Tuesday, March 17, 2009

Being Digital

Being Digital
Author: Nicholas Negroponte
Publisher: Vintage Books
Pages: 240
Dedication: To Elaine, who has put up with my being digital for exactly 11111 years.
About the author: Negroponte, Professor of Media Technology at MIT is also founding director of the Media Lab.
Synopsis:
Today, fiber is cheaper than copper, including the cost of electronics at both ends. The only real advantage of copper is the ability to deliver power.
Simonides of Ceos (556-468 BC) was a poet of classical Greece who was noted for his prodigious memory.

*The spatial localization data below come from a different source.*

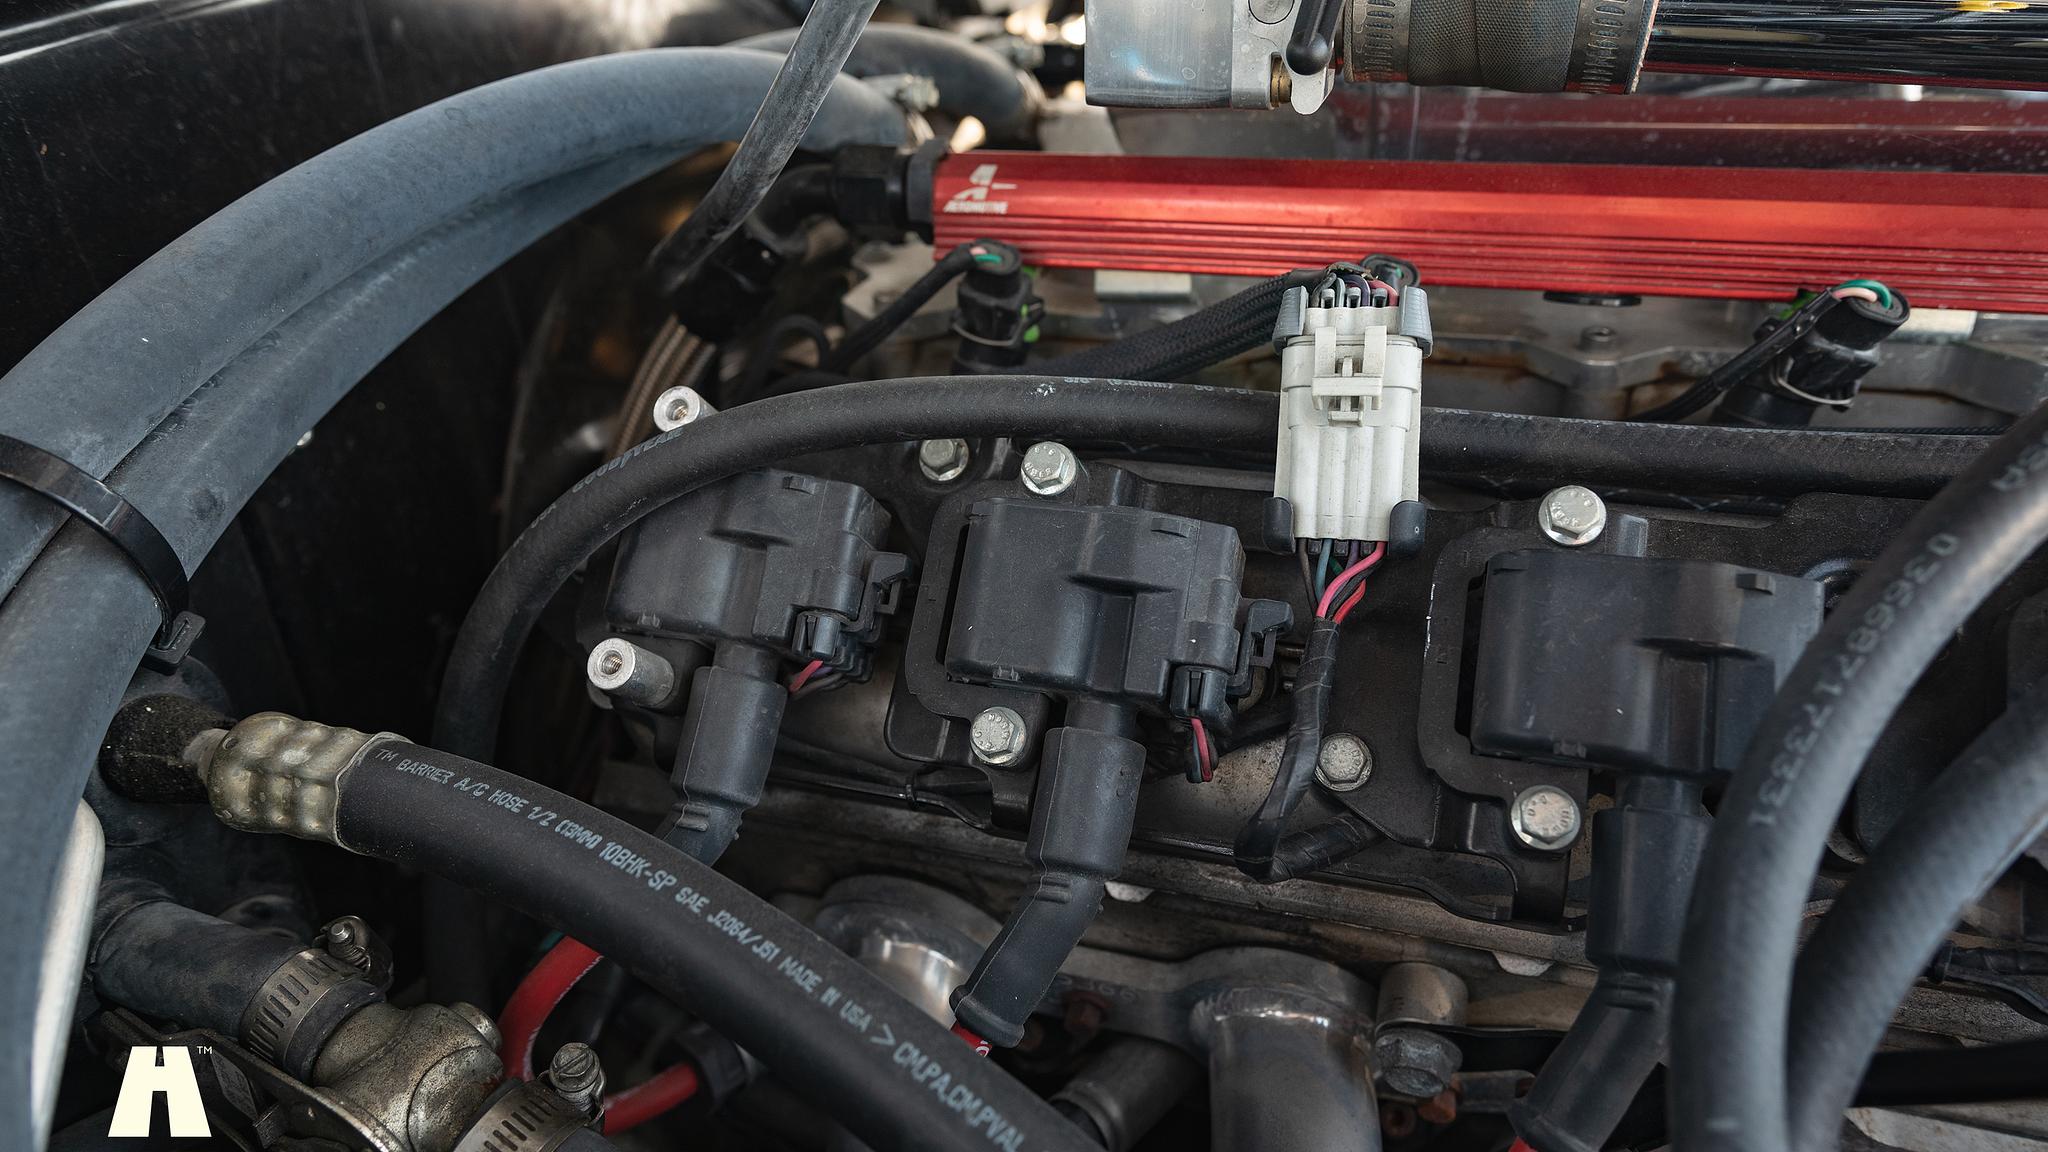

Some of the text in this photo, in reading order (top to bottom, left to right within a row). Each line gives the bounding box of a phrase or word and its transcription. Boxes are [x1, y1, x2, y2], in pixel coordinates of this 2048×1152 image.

[396, 758, 455, 785] BARRIER
[454, 777, 490, 798] A/C
[487, 788, 530, 814] HOSE
[599, 841, 678, 892] 10BHK-SP
[675, 886, 711, 914] SAE
[777, 955, 823, 994] MADE
[820, 986, 842, 1008] IN
[839, 999, 873, 1033] USA

When the roof of a banquet hall collapsed just after he had been called from the room, he found that he could identify the mangled remains of guests based on where they had been sitting: he inferred that tying material to specific spots in a mental spatial image would aid recall. He used this technique to remember his long speeches. He would associate parts of his oration with objects and places in a temple. Then while delivering his speech, he would revisit the temple in his mind to call forth his ideas in an orderly and comprehensive manner. The early Jesuits in China called this same process the building of “palaces of mind”.

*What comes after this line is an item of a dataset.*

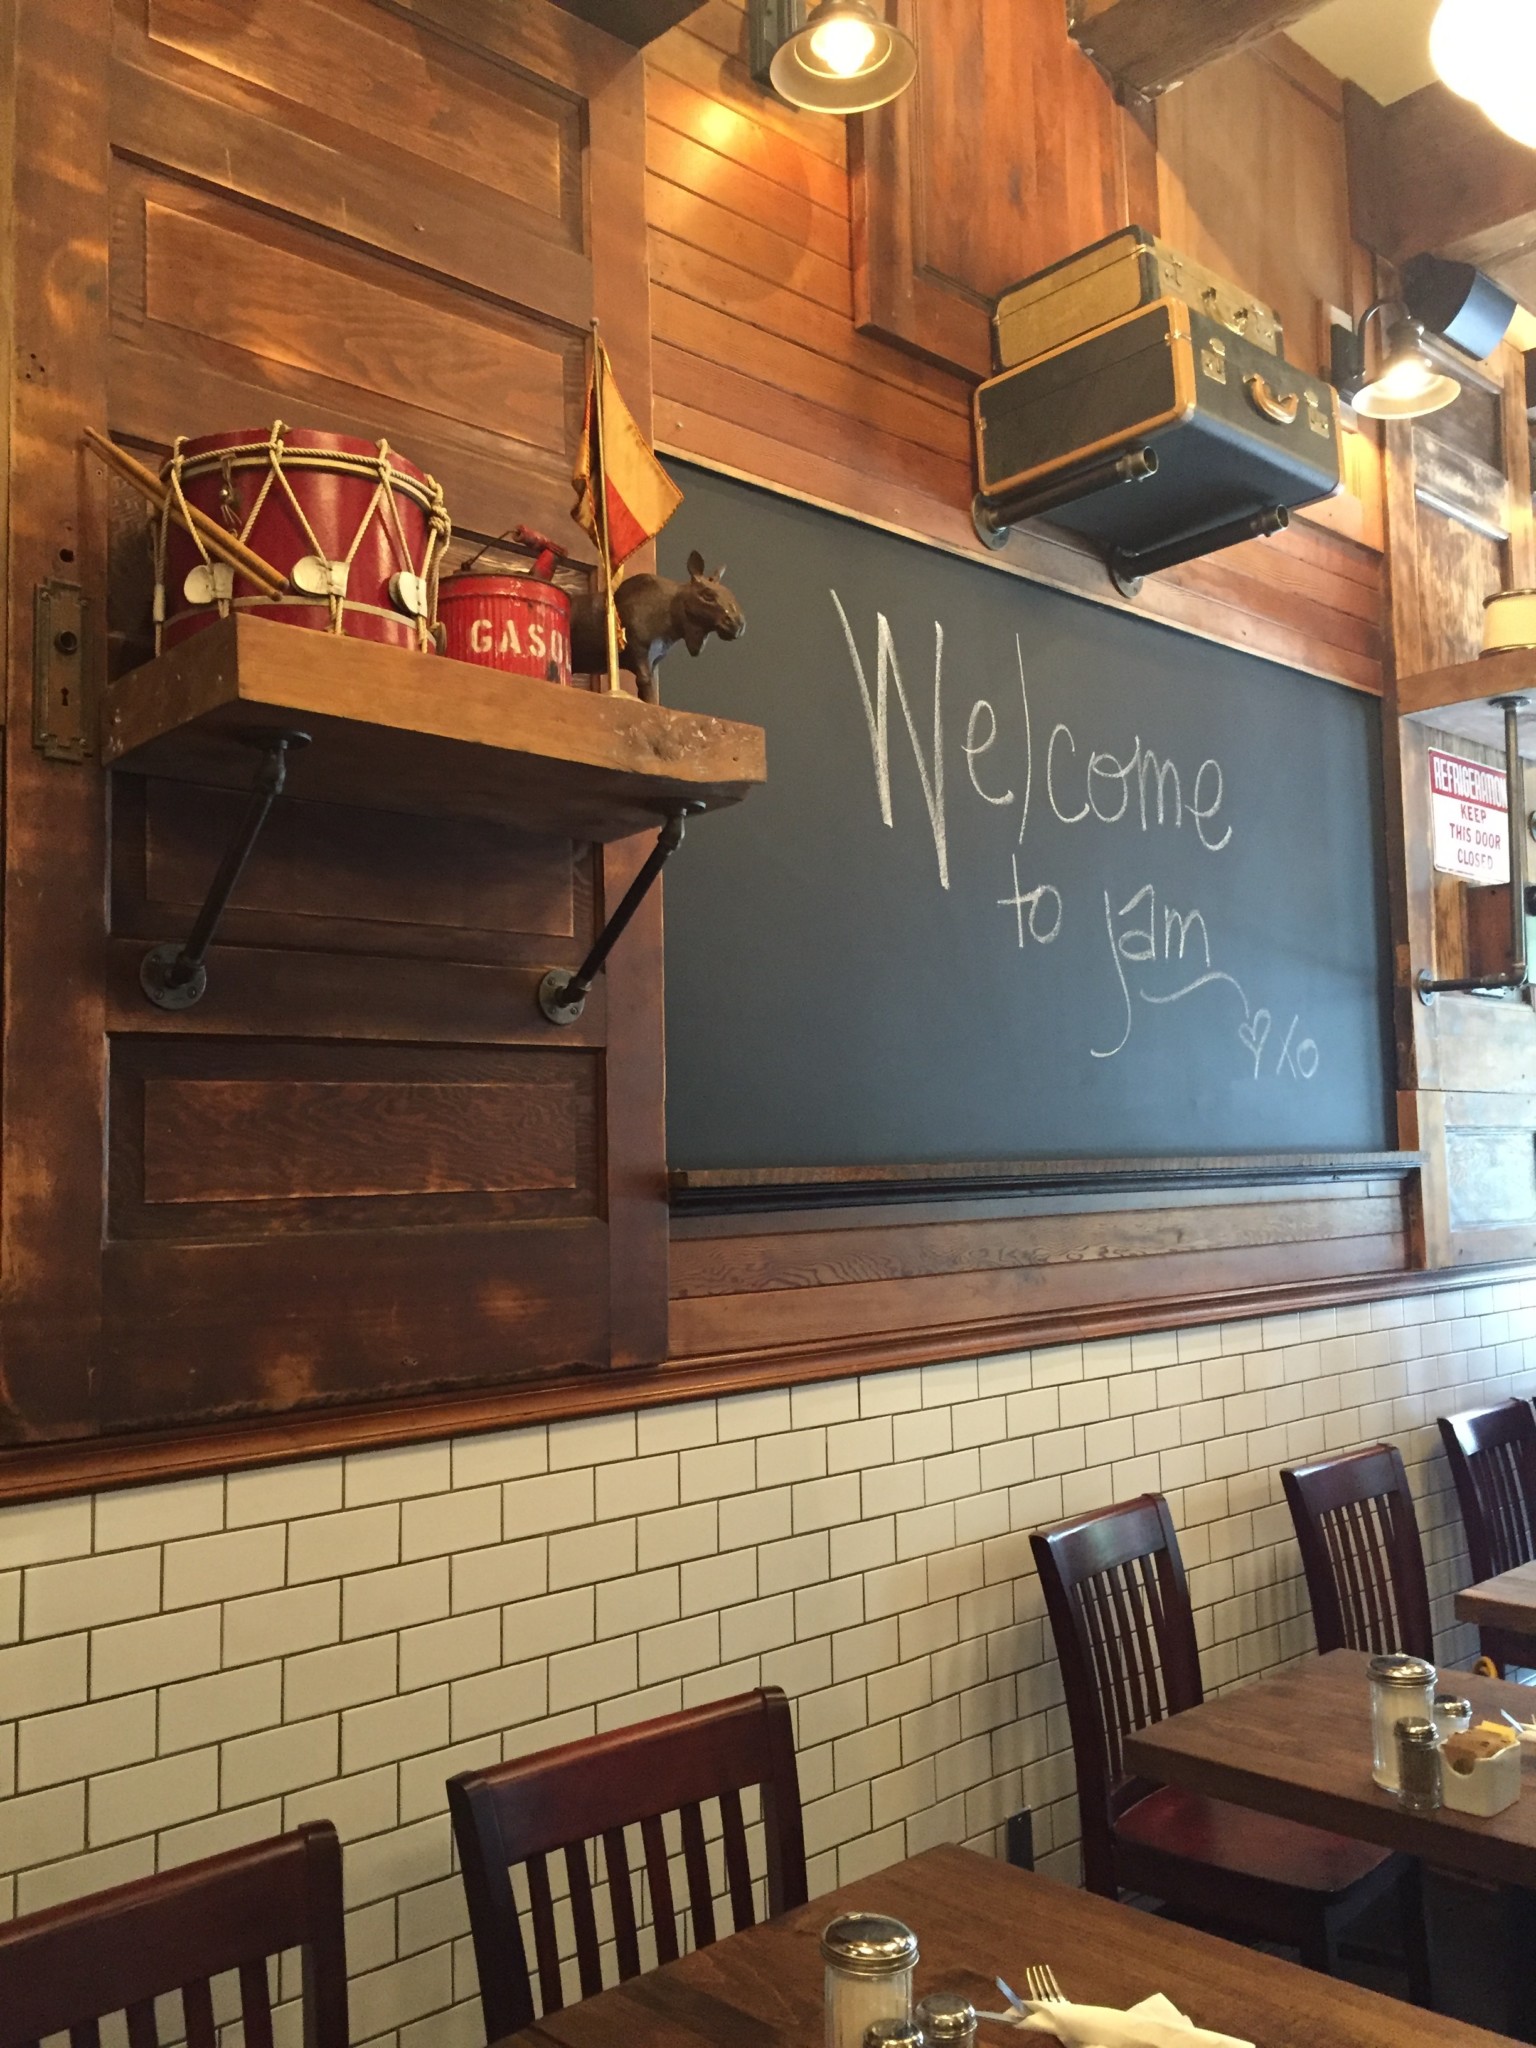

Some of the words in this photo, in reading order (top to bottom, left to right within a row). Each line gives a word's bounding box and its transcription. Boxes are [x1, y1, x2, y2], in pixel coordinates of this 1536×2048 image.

When the Media Lab premiered its LEGO/Logo work in 1989, kids, kindergarten through sixth grade from the Hennigan School, demonstrated their projects before a full force of LEGO executives, academics and the press.

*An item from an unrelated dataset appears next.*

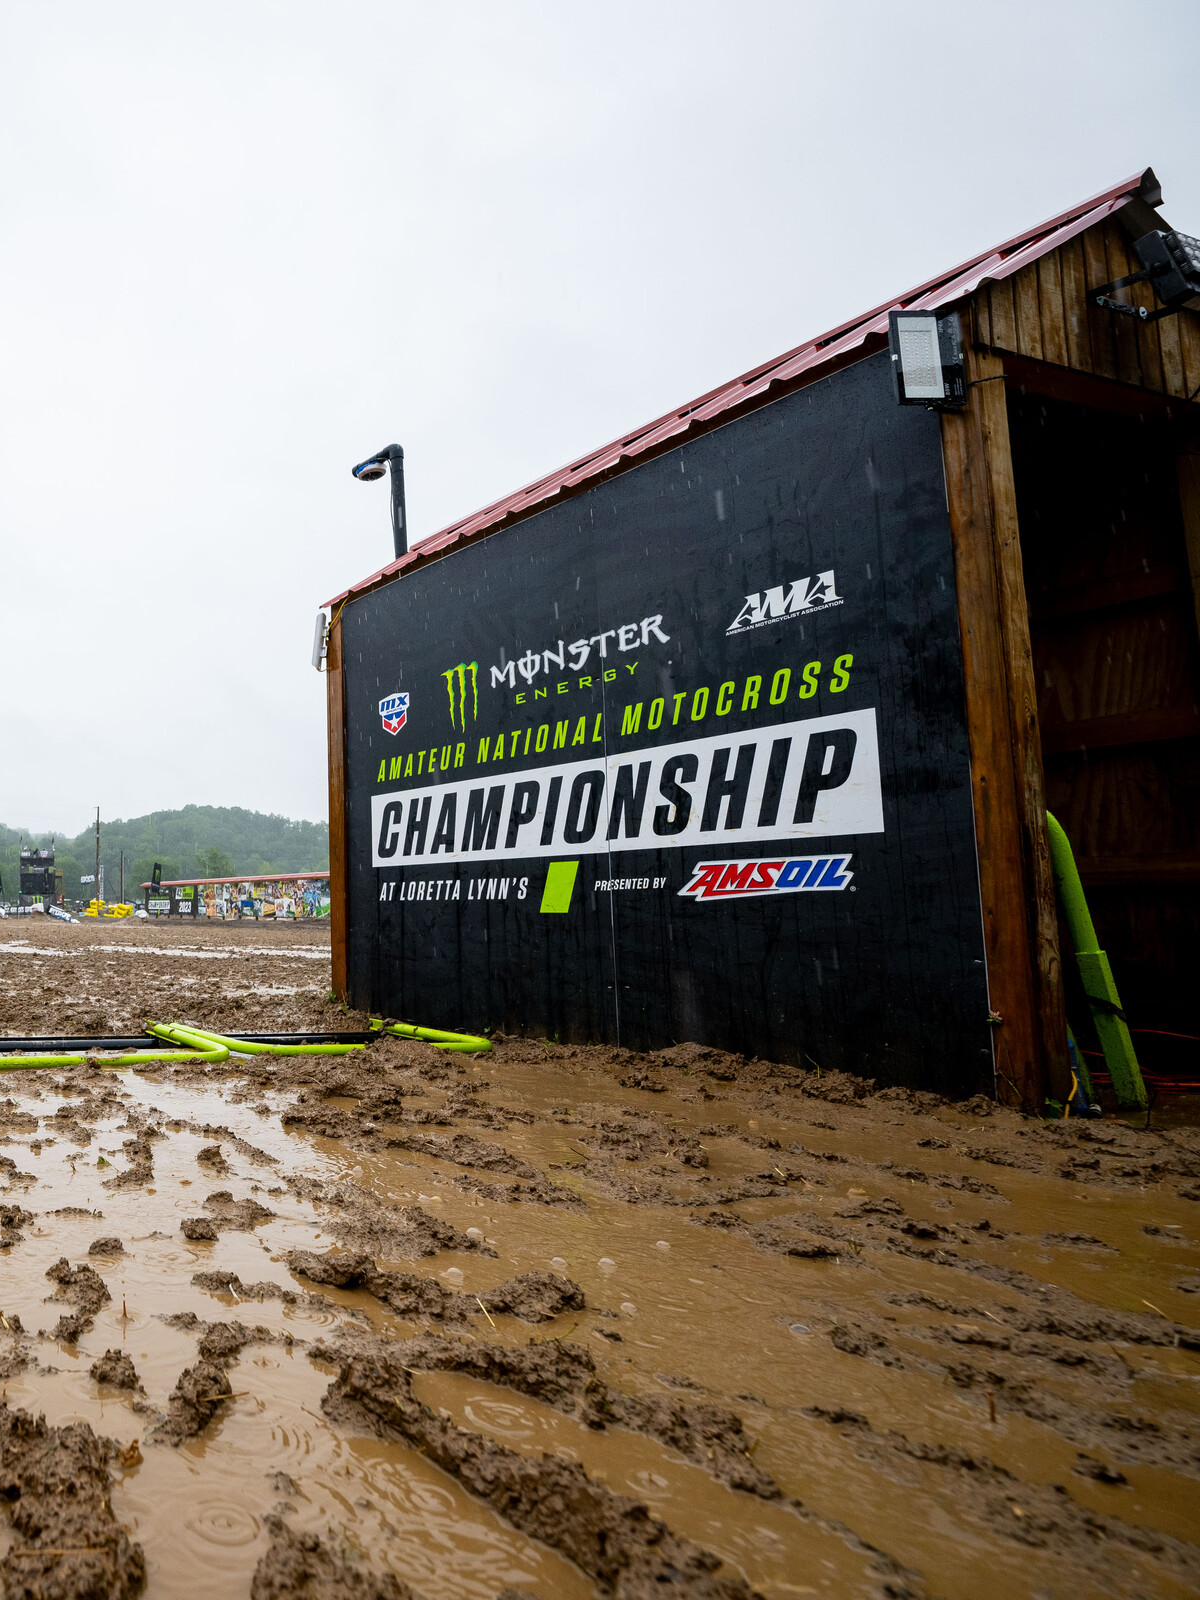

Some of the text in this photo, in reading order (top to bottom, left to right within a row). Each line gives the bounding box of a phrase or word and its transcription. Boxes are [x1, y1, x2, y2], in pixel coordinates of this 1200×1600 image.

In October 1981, Seymour Papert and the author attended an OPEC meeting in Vienna. It was the one at which Sheikh Yamani delivered his famous speech about giving a poor man a fishing rod, not fish – teach him how to make a living, not take a handout. In a private meeting with Yamani, he asked the author if they knew the difference between a primitive and an uneducated person. The answer was simply that primitive people were not uneducated at all, they simply used different means to convey their knowledge from generation to generation, within a supportive and tightly knit social fabric. By contrast, an uneducated person is the product of a modern society whose fabric has unraveled and whose system is not supportive.